This work addresses the fundamental bottleneck in Bayesian quadrature and MMD-based inference—namely, the lack of closed-form kernel mean embeddings (KMEs)—which severely limits the practical applicability of kernel methods. We introduce the first systematic, scalable dictionary of closed-form KMEs. Our method establishes a unified derivation framework grounded in kernel algebra and probability distribution transformations, integrating symbolic computation with probabilistic integral transforms to automatically generate novel analytical KME solutions. The dictionary covers数十 combinations of widely used kernels—including RBF, Matérn, and periodic kernels—and distributions—such as Gaussian, Gamma, Beta, and mixtures—with rigorous mathematical derivations and empirical validation. To facilitate adoption, we release *kme*, a lightweight, open-source Python library. This tool substantially lowers implementation barriers for kernel methods in numerical integration, statistical hypothesis testing, and Bayesian inference, thereby bridging the gap between theoretical kernel statistics and real-world applications.

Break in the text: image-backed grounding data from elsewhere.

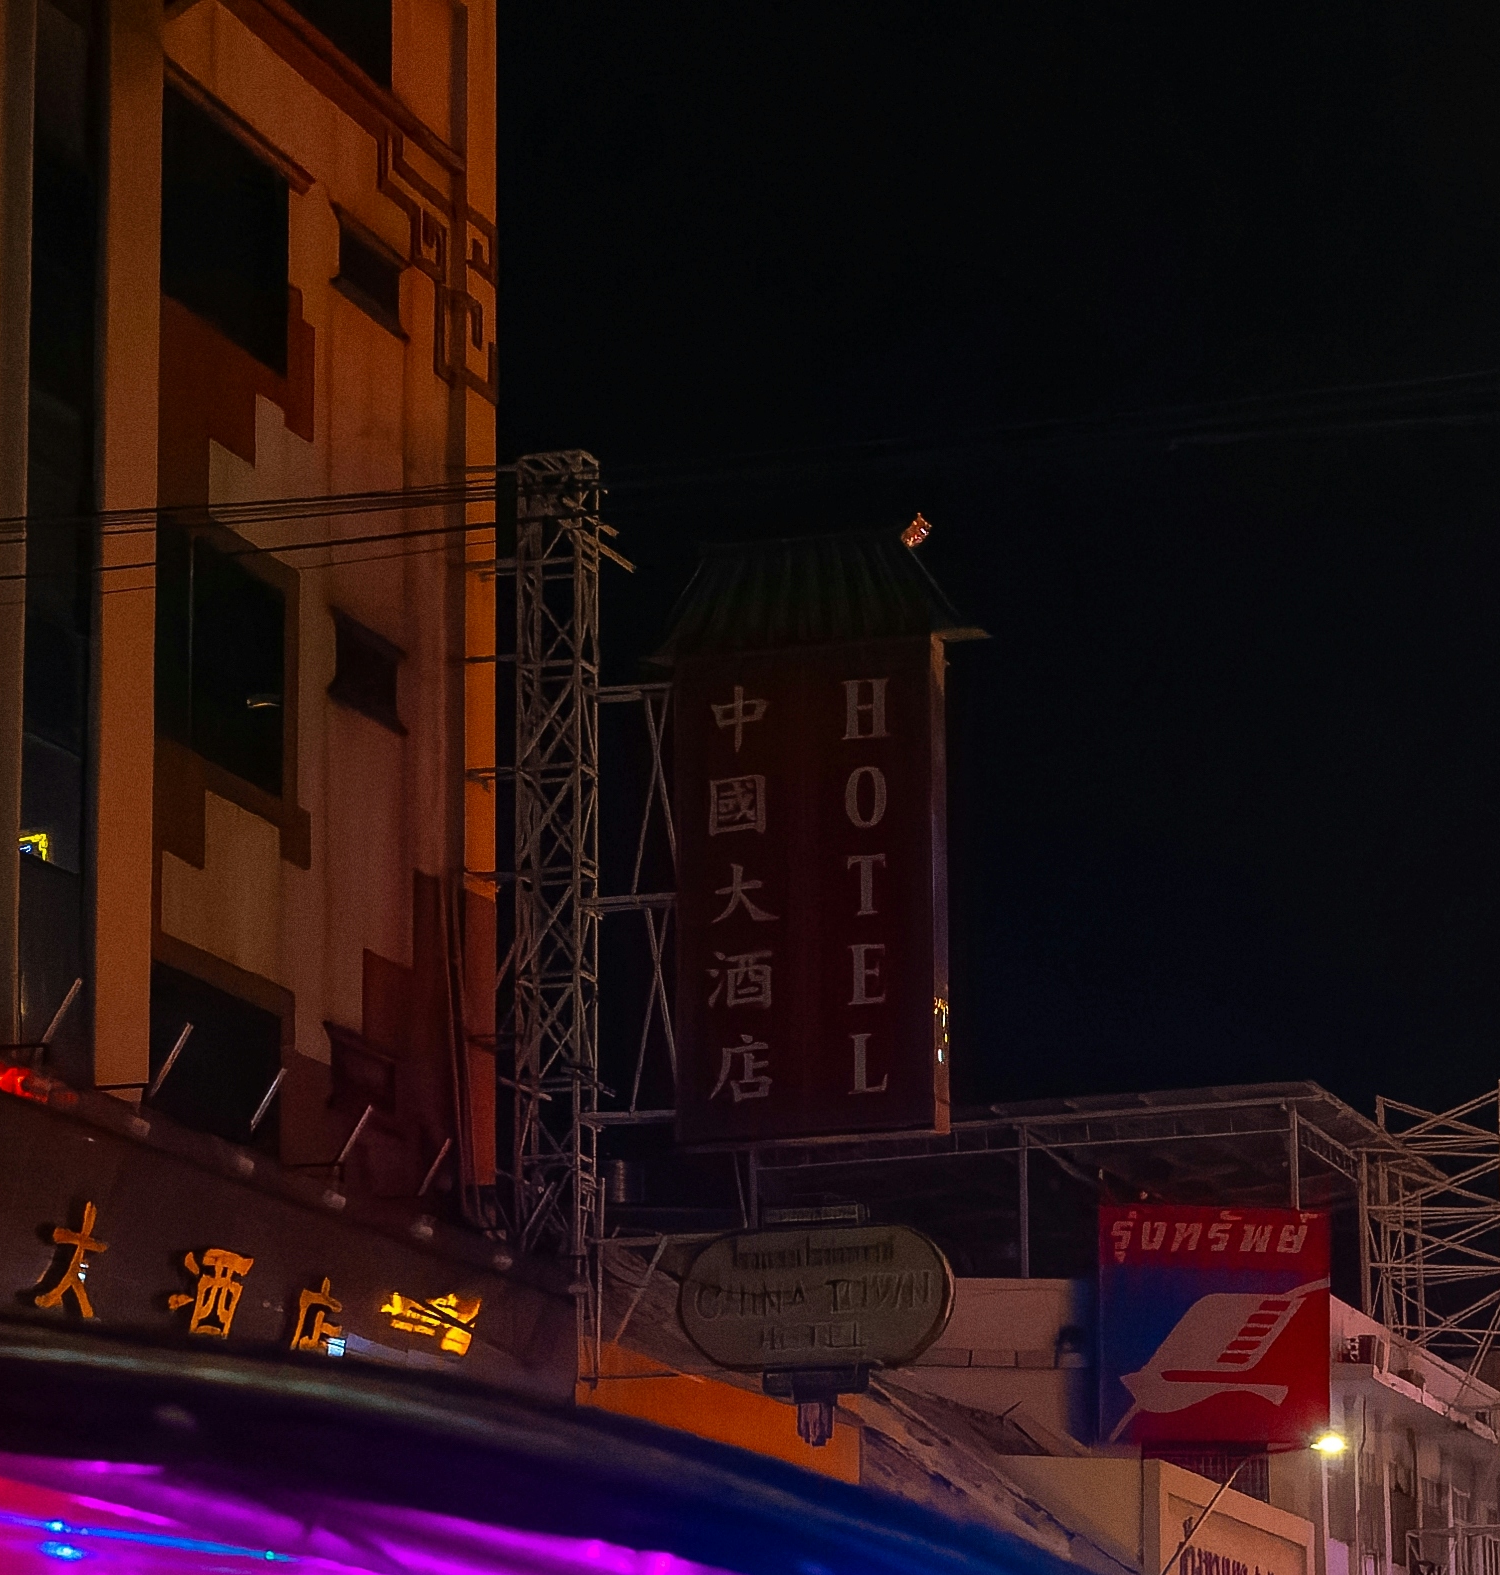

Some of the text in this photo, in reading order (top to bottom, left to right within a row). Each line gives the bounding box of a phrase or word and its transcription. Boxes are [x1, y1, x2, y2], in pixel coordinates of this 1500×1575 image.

[707, 685, 779, 1104] 中國大酒店
[843, 678, 890, 1097] HOTEL
[1111, 1209, 1317, 1261] รุ่งทรัพย์
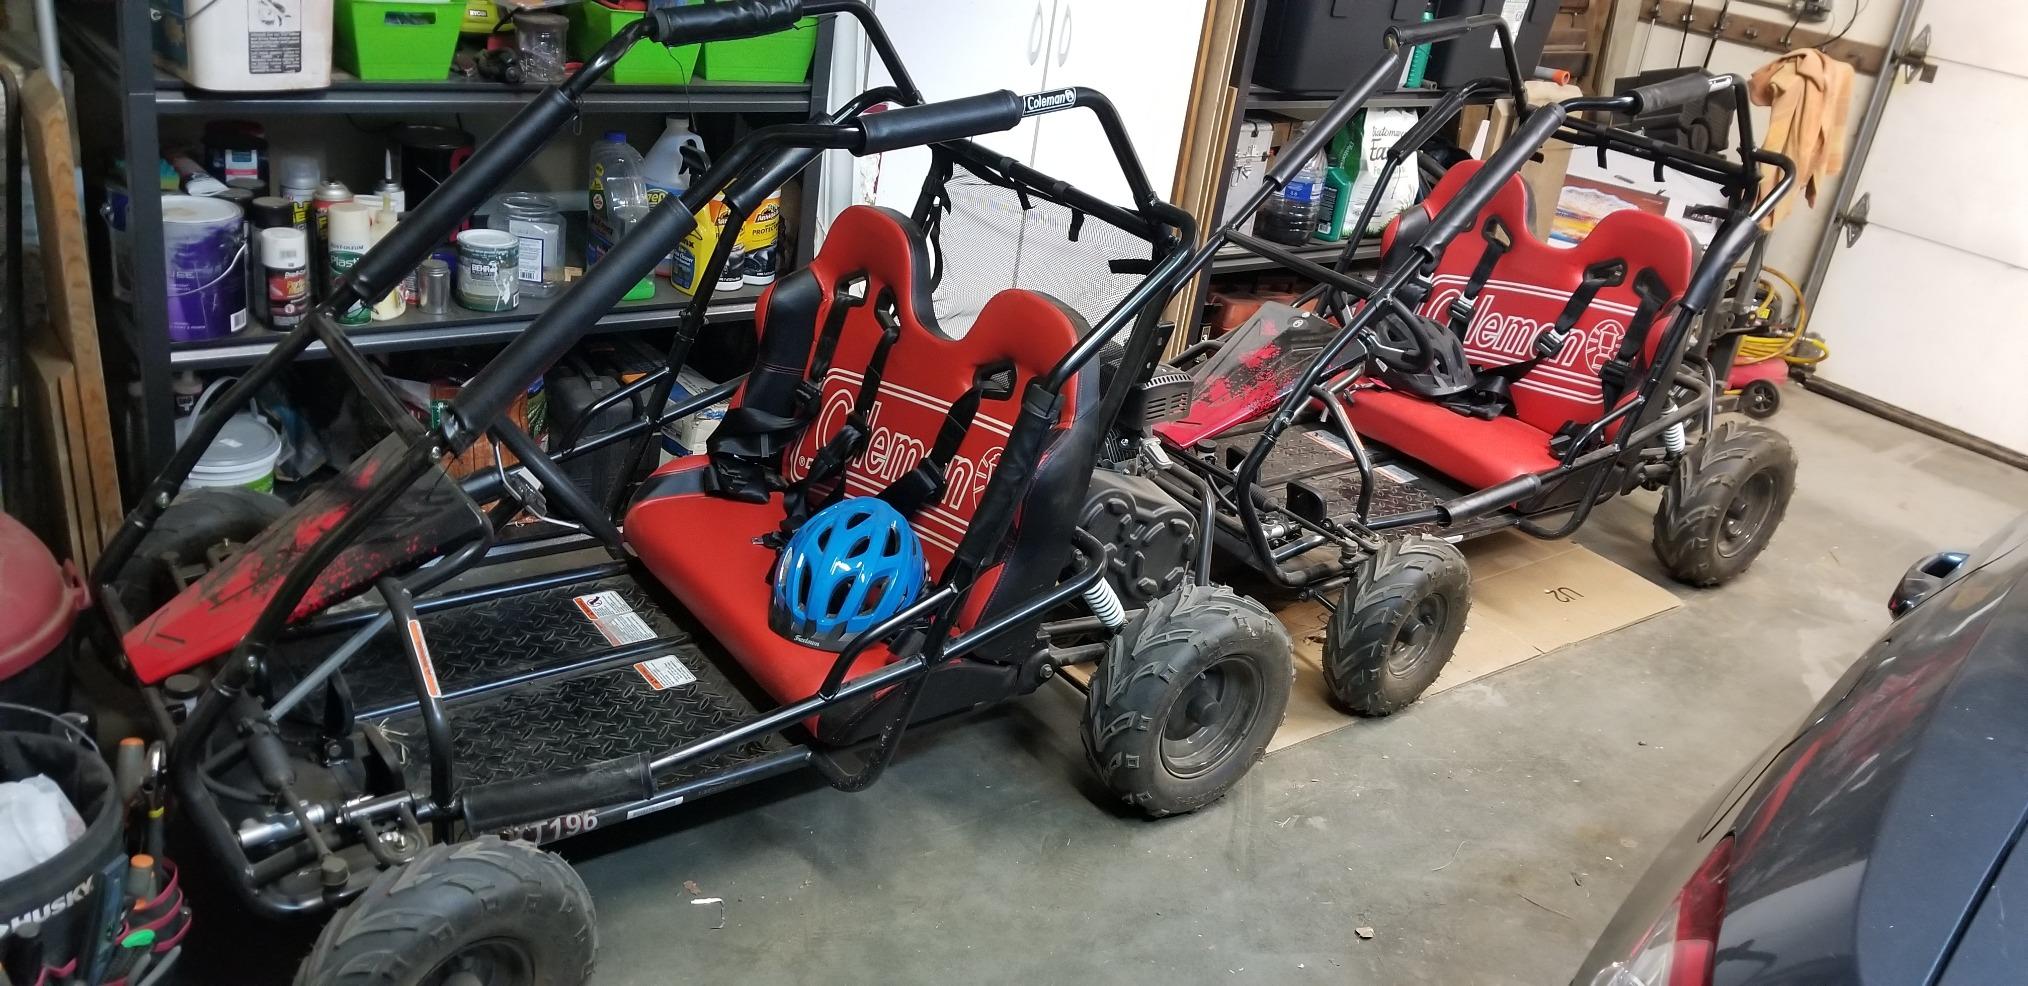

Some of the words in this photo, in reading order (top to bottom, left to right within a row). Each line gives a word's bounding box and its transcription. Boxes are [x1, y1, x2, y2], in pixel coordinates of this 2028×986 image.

[1027, 94, 1066, 110] Coleman
[1426, 289, 1586, 366] Clemn
[816, 388, 974, 511] Clemn
[514, 809, 598, 848] T196
[11, 873, 94, 927] HUSKY

Kernel mean embeddings -- integrals of a kernel with respect to a probability distribution -- are essential in Bayesian quadrature, but also widely used in other computational tools for numerical integration or for statistical inference based on the maximum mean discrepancy. These methods often require, or are enhanced by, the availability of a closed-form expression for the kernel mean embedding. However, deriving such expressions can be challenging, limiting the applicability of kernel-based techniques when practitioners do not have access to a closed-form embedding. This paper addresses this limitation by providing a comprehensive dictionary of known kernel mean embeddings, along with practical tools for deriving new embeddings from known ones. We also provide a Python library that includes minimal implementations of the embeddings.